Clearly, the White House occupant matters, or else the GOP would not be wanting to trash every Obama initiative. Clinton knows that politics makes a big difference; she started her UN remarks saying the world, despite all its problems, has never treated women and girls better. But what does this latest passing obsession with her emails say about what our country has become? What does it say about who we are as a people in this particular moment of time?

Obama, in case you missed it, answered these questions eloquently in Selma. After all these years being attacked and undermined by Republicans, it is a wonder Obama still tried to be hopeful. He shared the weary optimism of the civil rights struggle, and said that the story of progress in America really come down to two words: we versus me. Obama stood with the we—solutions that come when people join together. As in “We the People,” the opening words of the Declaration of Independence, he said, all the way to “We Shall Overcome,” the chorus of the great civil rights anthem and freedom song.

The best in American comes from efforts that stem from, and serve, the collective “we,” Obama said. It’s no small point. What’s small is serving the me-me-me, which is perhaps the simplest and best shorthand description of what the modern Republican Party has become. It is not just the party of no—no to Obamacare, no to immigration reform, no to lowering college loan interest rates, no to regulating Wall Street, no to birth control in federal health plans, no to prospective nuclear deals with Iran. The modern GOP has become the party of me—whatever I want, I deserve, I demand, I get, and screw you. What is at the center of the creed driving the far right? It’s every man for himself. Grab what you can before someone else does; he who dies with the most property wins. We versus me. Which party wants to expand Social Security or wants to cut payments? Which party wants to slow climate change or keep pocketing carbon profits? We vs. me.

If you add a gender dimension, you get he versus she. That takes us right back to the UN commemoration of women’s progress, Clinton, and the email nonsense.

To say that the GOP is full of it on this one is being restrained. But we live in an age when being a partisan hypocrite is seen as a political virtue. The GOP wants to know what was in Hillary’s emails. Tens of thousands of emails is ten of thousands of potential targets. If their lawyers could find one phrase in 1,000-plus pages of Obamacare bill and build a U.S. Supreme Court case to try to end healthcare premium subsidies for 8 million Americans, who knows what may be buried in Hillary’s mail. But let’s not forget which party is all about keeping secrets when it serves them.

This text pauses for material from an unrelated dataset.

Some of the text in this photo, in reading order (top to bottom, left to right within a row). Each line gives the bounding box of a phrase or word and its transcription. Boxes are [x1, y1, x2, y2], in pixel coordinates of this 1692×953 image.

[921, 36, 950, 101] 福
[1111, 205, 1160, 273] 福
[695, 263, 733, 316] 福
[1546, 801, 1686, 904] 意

Republicans have spent multi-millions sending election lawyers into courts across America to keep their campaign donors’ idenities secret. They have sent lawyers into court to argue that anonymous attack ads are protected free speech, and lying in a political campaign is a First Amendment right—when lying in a court, as a lawyer, is one of that profession’s most serious ethical lapses and a serious crime. They fight to hide and to lie in public, and the presidential campaign media takes their bait, demanding accountability for Clinton’s emails.

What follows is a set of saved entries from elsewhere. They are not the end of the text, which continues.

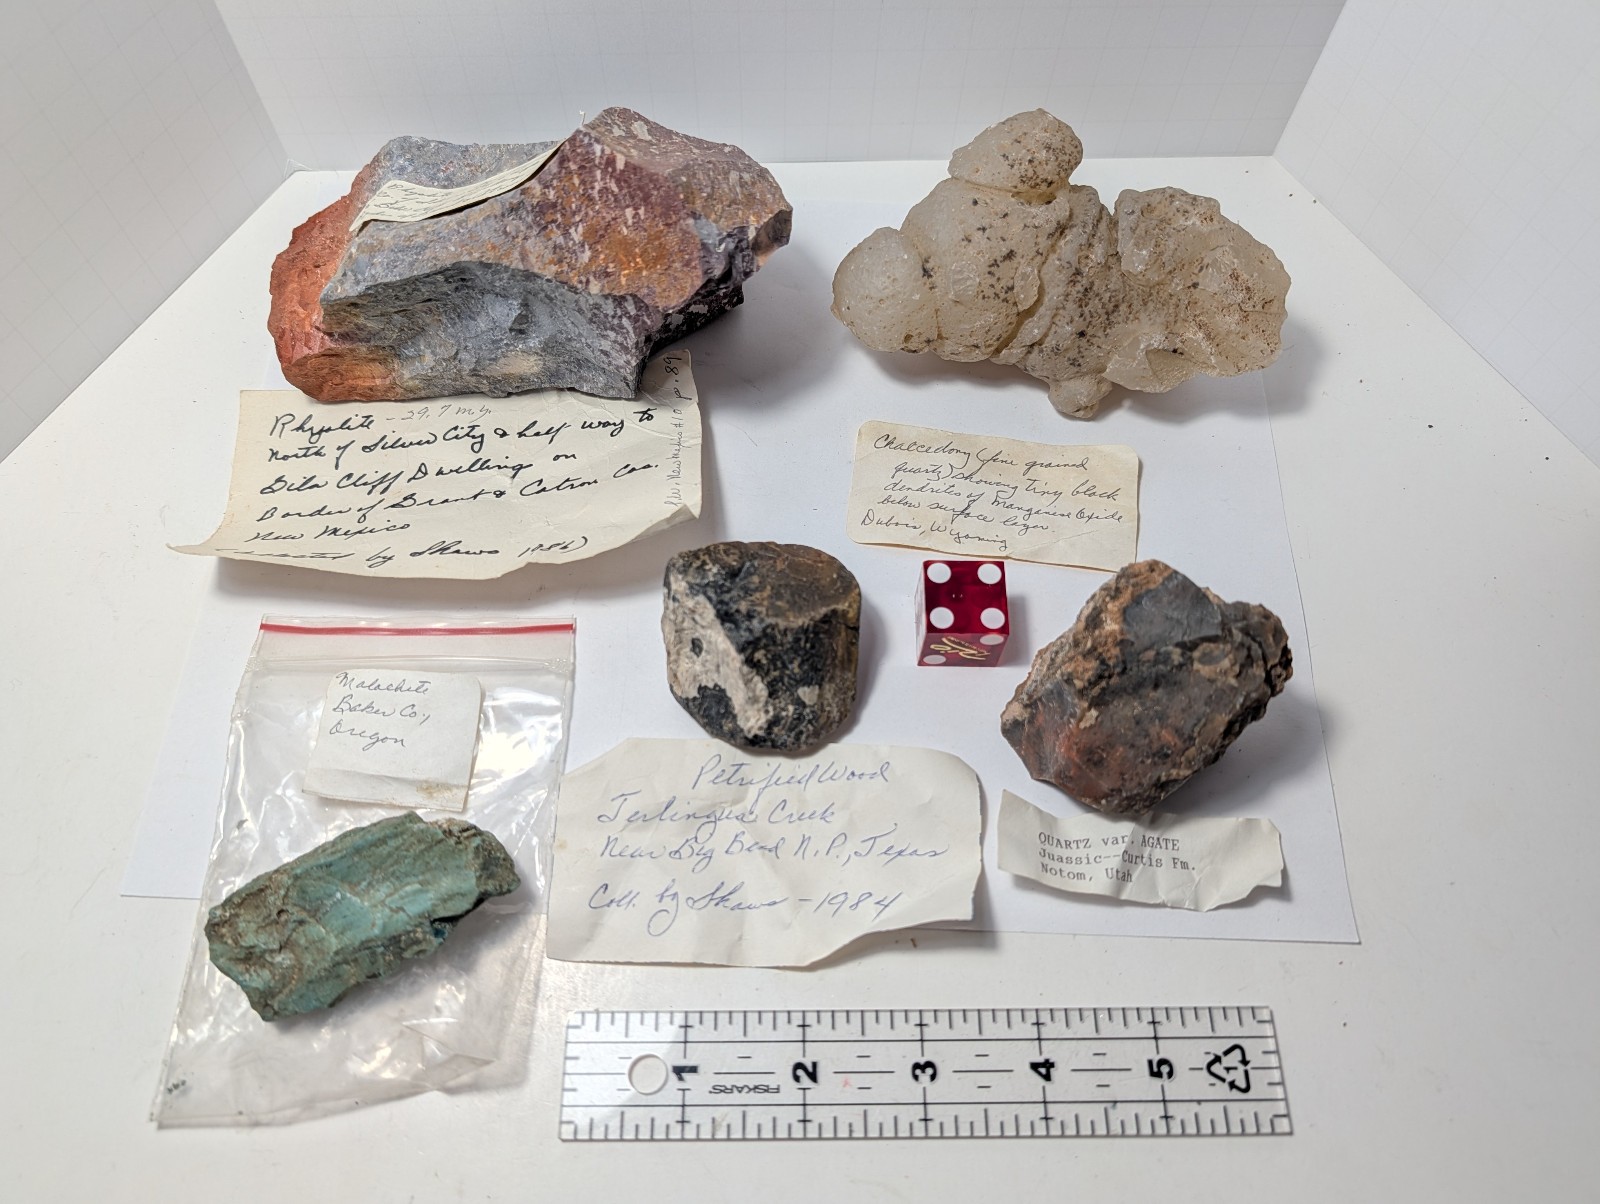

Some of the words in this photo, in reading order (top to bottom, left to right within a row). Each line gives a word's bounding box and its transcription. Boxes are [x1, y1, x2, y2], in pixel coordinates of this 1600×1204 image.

[663, 356, 682, 376] 89
[269, 413, 375, 444] Rhyolite
[335, 439, 355, 470] of
[361, 430, 438, 454] Silver
[442, 423, 486, 454] City
[493, 426, 512, 439] &
[516, 420, 573, 445] half
[580, 418, 625, 438] way
[633, 407, 658, 423] to
[873, 433, 972, 468] Chalcedony
[1024, 456, 1090, 476] grained
[336, 469, 404, 496] Cliff
[552, 452, 577, 462] on
[951, 471, 1020, 499] showing
[1070, 479, 1121, 502] black
[256, 506, 352, 523] Border
[356, 497, 386, 524] of
[492, 488, 507, 499] &
[519, 478, 599, 497] Catron
[877, 493, 921, 509] below
[926, 500, 995, 525] surface
[883, 479, 962, 498] dendrites
[964, 490, 986, 512] of
[860, 509, 926, 537] Dubois,
[929, 522, 1008, 552] Wyoming
[365, 546, 395, 569] by
[335, 671, 432, 696] Malachite
[332, 693, 396, 718] Baker
[329, 718, 407, 752] Oregon
[691, 752, 820, 811] Petrified
[818, 759, 890, 787] Wood
[597, 790, 759, 845] Terlingua
[765, 799, 836, 826] Creek
[600, 833, 667, 860] Near
[668, 833, 714, 874] Big
[724, 830, 786, 858] Bend
[853, 822, 951, 867] Texas
[1037, 831, 1091, 850] QUARTZ
[1101, 833, 1136, 847] var.
[1140, 834, 1181, 852] AGATE
[1039, 863, 1095, 883] Notom,
[1104, 866, 1134, 883] Utah
[1171, 858, 1197, 872] Fm.
[647, 878, 682, 937] by
[670, 1064, 699, 1082] 1
[791, 1060, 820, 1084] 2
[911, 1060, 938, 1083] 3
[1029, 1060, 1056, 1083] 4
[1147, 1057, 1174, 1081] 5
[708, 1083, 781, 1095] FISKARS

Her UN press conference is a sad preview not just of what the 2016 presidentail campaign is likely to bring. It is a giant reminder of how small the presidency has become in modern America. As the New Yorker's George Packer asked after Selma, would big ideas like the expectation that government could herald a real revolution in civil rights even be possible today? Maybe not. It goes back to Obama’s amazing shorthand that now defines the difference between progressives and right-wingers: we verses me. Which side are you on?

Steven Rosenfeld covers national political issues for AlterNet, including America's retirement crisis, democracy and voting rights, and campaigns and elections. He is the author of 'Count My Vote: A Citizen's Guide to Voting' (AlterNet Books, 2008).